How to fight it: To battle allergy attacks on airplanes, you must be proactive. If you are affected by airborne allergens, take medication about an hour before taking off, suggests the Mayo Clinic. You can also sport a protective face mask; it may not be the most stylish accessory, but it'll keep your nasal passage allergen free. If you have food allergies, you can request specially prepared meals when you reserve your seat. And as for those pesky peanuts, most airlines will accommodate you by serving a non-peanut snack if notified in advance. Flight attendants can also set up a "buffer zone" by serving non-peanut snacks to anyone seated near you.
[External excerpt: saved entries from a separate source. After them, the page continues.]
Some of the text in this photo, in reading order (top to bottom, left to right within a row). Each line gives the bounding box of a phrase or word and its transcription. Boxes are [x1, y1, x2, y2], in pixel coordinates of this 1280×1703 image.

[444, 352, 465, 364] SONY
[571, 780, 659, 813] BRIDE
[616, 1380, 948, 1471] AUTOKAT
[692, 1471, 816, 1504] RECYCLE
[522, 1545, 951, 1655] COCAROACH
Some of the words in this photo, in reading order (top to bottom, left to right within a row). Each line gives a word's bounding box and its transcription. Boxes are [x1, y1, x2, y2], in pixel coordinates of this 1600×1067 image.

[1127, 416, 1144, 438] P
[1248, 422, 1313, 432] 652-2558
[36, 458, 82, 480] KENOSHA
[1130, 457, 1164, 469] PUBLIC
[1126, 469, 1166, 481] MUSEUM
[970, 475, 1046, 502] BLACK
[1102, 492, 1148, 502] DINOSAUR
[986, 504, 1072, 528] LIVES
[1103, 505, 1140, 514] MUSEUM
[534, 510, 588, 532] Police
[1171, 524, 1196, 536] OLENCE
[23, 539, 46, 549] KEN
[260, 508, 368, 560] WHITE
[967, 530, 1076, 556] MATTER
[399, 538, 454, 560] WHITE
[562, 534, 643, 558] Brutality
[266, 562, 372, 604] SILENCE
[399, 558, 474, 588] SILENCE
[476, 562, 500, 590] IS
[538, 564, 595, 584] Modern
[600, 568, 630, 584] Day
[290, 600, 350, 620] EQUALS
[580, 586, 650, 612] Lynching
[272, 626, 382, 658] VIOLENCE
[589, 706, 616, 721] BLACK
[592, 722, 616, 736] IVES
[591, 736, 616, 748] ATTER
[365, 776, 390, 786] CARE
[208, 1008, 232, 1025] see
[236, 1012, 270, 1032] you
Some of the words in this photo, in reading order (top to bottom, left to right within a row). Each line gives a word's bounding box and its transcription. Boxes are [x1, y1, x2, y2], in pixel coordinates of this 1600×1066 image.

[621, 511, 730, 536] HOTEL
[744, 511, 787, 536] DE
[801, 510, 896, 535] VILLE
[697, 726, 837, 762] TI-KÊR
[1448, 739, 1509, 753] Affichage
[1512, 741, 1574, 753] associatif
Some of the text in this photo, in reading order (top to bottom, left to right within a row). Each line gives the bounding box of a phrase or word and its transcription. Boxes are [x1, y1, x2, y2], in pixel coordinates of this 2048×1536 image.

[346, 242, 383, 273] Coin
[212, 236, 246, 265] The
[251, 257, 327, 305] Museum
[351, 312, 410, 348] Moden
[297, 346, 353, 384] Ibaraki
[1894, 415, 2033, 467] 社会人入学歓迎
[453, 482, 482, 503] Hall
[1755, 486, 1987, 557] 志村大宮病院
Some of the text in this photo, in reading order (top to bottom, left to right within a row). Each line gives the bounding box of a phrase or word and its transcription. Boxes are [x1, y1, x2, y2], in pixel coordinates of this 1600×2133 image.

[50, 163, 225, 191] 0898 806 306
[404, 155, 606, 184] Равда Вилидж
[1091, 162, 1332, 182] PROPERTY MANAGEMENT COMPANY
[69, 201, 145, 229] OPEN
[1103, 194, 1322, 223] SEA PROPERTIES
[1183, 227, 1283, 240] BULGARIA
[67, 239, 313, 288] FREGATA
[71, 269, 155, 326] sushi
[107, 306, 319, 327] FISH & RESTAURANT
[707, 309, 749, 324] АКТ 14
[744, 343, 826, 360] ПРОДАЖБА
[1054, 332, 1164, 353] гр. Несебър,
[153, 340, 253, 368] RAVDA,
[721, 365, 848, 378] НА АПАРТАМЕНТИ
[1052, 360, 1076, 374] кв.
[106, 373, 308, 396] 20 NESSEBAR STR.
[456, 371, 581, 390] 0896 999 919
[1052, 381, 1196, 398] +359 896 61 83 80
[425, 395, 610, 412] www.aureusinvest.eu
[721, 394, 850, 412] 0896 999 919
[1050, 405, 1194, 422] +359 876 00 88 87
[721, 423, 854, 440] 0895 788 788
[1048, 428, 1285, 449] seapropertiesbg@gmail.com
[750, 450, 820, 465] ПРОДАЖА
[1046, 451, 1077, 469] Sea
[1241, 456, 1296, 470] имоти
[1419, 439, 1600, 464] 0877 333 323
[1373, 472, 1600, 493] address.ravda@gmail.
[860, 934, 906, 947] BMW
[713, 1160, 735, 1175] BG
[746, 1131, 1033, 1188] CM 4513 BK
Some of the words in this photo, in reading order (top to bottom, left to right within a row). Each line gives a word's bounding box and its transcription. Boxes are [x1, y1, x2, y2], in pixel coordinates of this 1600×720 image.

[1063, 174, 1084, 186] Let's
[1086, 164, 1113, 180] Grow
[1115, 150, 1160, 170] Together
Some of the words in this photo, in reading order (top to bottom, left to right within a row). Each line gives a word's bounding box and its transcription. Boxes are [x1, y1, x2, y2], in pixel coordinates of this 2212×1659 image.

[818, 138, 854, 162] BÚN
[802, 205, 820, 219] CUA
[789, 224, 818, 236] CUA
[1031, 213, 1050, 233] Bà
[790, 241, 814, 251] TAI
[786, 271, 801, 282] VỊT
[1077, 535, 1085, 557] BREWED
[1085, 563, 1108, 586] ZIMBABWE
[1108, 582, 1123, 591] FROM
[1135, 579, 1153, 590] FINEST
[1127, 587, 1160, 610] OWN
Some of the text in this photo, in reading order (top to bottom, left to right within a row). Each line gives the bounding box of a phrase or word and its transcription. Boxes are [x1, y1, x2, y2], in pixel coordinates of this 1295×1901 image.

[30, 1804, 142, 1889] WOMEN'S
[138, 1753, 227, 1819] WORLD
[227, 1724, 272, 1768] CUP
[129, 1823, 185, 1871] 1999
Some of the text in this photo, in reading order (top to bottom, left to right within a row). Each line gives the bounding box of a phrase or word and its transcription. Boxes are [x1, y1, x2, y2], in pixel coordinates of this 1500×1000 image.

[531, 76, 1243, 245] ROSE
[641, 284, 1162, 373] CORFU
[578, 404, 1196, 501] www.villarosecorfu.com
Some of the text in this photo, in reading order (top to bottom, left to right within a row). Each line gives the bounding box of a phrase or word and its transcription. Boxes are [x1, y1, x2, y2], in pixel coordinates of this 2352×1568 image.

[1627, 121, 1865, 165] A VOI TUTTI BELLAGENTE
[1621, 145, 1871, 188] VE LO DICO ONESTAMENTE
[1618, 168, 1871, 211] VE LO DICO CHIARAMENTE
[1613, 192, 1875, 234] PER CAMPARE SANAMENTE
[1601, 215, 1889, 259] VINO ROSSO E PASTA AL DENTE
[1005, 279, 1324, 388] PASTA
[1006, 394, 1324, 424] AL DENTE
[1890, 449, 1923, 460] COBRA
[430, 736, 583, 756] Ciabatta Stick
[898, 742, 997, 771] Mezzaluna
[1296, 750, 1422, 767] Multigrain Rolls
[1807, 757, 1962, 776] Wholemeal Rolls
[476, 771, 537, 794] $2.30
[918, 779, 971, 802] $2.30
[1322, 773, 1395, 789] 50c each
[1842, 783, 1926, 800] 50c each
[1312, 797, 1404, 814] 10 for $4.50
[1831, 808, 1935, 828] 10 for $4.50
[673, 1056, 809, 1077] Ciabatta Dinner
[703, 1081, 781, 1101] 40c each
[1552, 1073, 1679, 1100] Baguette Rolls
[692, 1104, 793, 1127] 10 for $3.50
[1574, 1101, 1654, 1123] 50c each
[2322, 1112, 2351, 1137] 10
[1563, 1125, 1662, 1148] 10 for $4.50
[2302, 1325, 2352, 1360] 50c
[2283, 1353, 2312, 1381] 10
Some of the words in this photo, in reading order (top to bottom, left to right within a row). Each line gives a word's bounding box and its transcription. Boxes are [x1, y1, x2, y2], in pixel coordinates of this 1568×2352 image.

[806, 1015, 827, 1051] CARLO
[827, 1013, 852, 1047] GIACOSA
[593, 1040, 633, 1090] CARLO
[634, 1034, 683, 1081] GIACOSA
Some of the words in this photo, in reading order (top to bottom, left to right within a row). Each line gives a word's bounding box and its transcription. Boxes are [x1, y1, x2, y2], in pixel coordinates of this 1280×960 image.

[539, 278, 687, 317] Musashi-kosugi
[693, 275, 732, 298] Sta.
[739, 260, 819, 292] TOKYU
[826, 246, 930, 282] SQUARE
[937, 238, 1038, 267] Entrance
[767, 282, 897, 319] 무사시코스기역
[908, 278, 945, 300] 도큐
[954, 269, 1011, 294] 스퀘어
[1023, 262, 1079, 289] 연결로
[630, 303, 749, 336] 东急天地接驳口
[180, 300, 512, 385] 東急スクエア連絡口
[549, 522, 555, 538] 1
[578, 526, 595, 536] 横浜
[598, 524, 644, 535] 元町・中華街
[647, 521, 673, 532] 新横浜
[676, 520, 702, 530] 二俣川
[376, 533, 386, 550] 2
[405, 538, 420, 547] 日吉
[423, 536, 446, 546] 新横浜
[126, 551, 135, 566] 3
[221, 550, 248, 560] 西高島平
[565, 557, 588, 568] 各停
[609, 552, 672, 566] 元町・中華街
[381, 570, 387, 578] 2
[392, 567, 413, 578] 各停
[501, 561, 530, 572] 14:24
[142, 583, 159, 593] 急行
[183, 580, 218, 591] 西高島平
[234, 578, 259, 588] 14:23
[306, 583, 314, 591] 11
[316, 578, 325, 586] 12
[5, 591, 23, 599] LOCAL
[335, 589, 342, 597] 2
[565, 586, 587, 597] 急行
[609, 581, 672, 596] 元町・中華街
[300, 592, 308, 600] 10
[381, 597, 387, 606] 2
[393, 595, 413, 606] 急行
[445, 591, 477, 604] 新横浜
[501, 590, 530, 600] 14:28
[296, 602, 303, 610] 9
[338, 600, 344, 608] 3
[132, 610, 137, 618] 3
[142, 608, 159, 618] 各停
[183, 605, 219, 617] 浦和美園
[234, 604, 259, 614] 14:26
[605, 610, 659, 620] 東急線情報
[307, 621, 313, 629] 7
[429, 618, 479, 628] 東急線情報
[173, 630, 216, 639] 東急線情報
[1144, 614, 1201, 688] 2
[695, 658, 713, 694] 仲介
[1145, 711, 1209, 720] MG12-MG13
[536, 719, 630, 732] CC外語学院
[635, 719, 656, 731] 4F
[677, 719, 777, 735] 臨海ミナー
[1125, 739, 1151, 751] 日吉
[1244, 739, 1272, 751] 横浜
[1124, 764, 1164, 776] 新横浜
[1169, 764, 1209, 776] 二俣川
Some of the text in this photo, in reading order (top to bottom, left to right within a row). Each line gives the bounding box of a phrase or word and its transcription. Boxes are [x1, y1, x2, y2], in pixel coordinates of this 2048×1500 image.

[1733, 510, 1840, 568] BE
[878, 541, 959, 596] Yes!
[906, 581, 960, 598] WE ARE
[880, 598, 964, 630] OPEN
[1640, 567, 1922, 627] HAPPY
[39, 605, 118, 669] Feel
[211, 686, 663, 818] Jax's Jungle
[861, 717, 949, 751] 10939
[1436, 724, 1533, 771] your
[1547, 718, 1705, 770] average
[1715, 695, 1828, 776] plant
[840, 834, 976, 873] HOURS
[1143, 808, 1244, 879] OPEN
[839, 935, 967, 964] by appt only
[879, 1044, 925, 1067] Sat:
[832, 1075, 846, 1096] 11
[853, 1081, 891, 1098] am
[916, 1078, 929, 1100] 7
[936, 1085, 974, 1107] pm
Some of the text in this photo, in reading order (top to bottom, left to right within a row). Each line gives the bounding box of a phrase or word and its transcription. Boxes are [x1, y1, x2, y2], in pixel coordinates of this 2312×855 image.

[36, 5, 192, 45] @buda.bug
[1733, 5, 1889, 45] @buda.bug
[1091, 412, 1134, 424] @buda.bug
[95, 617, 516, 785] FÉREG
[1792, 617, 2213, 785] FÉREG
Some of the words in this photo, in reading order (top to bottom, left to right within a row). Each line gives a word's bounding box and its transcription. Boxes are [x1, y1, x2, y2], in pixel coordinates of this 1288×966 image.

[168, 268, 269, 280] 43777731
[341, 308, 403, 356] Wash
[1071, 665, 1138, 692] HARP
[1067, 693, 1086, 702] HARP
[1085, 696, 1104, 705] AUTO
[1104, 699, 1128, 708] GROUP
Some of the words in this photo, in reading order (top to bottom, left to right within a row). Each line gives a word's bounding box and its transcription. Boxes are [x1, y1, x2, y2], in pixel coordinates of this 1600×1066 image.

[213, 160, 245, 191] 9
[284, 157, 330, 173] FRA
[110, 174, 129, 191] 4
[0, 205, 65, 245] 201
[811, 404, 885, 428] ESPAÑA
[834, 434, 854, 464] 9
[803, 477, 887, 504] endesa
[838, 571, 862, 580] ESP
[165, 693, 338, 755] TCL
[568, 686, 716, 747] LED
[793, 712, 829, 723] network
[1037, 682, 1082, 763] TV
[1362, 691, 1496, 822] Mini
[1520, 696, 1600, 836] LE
Ever wonder where your airplane meal comes from? Well first, each meal is prepared in an on-the-ground flight kitchen, much like a catered meal is prepared before an event. The food is then rapidly chilled and stored until it's ready to be packaged. Once it's portioned and packed, meals are delivered to the gate, loaded onto planes, warmed, and served to passengers. While there are food-safety regulations in place, the complexity of this system leaves room for mistakes, like improper storage temperatures and cooking techniques, according to the U.S. Food and Drug Administration.
How to fight it: The answer is simple: Bring your own food. The only way to guarantee a food-poisoning-free flight is to avoid the airplane meals altogether.
Every time you fly, you're subjecting yourself to stress, which can lower your immunity. Getting to the airport in time, coping with luggage, navigating security, adjusting to cramped conditions, and dealing with a lack of sleep is a lot to handle in a short time frame. And if you're afraid of flying or prone to air rage—extreme misconduct on airplanes usually caused by inability to handle the stressful situation—you could be in for a very long trip.
How to fight it: Take steps to reduce stress throughout your trip: Arrive at the airport several hours before your flight to avoid feeling rushed, and pack light to minimize the number of bags you need to check. While in transit, employ stress-relief techniques (like deep breathing and counting to 10) and distraction methods, like reading a book or playing a game. Phobias (such as a fear of heights or a fear of cramped spaces) are tougher to conquer; if you're unable to cope with your fears on your own, experts suggest that you may want to consider therapy to learn to manage situations like flying. If you're prone to air rage, make sure you get plenty of sleep before your trip and practice stress-relief techniques when you feel overwhelmed.
Deep Vein Thrombosis
Deep Vein Thrombosis (DVT) is a fancy term to describe the formation of blood clots caused by long periods of immobility. DVT is often referred to as "economy class syndrome" in reference to the cramped conditions you'll experience while flying coach. Clots usually develop in your arms and legs. The larger the clot is, the more it restricts blood flow between your heart and the rest of your body, which can cause paralysis, stroke, or heart attack.
How to fight it: The most obvious way to prevent blood clots is to move. A brisk walk before boarding will get your blood flowing, while simple exercises like leg lifts, flexing, and ankle and shoulder rolls will help keep your blood moving throughout the flight. Elastic flight socks (available at most pharmacies) can also help prevent DVT. Those who are at a higher risk of blood clots as a result of obesity, cancer, pulmonary embolism, or smoking should talk to their doctor, who may prescribe blood thinners to prevent in-flight DVT.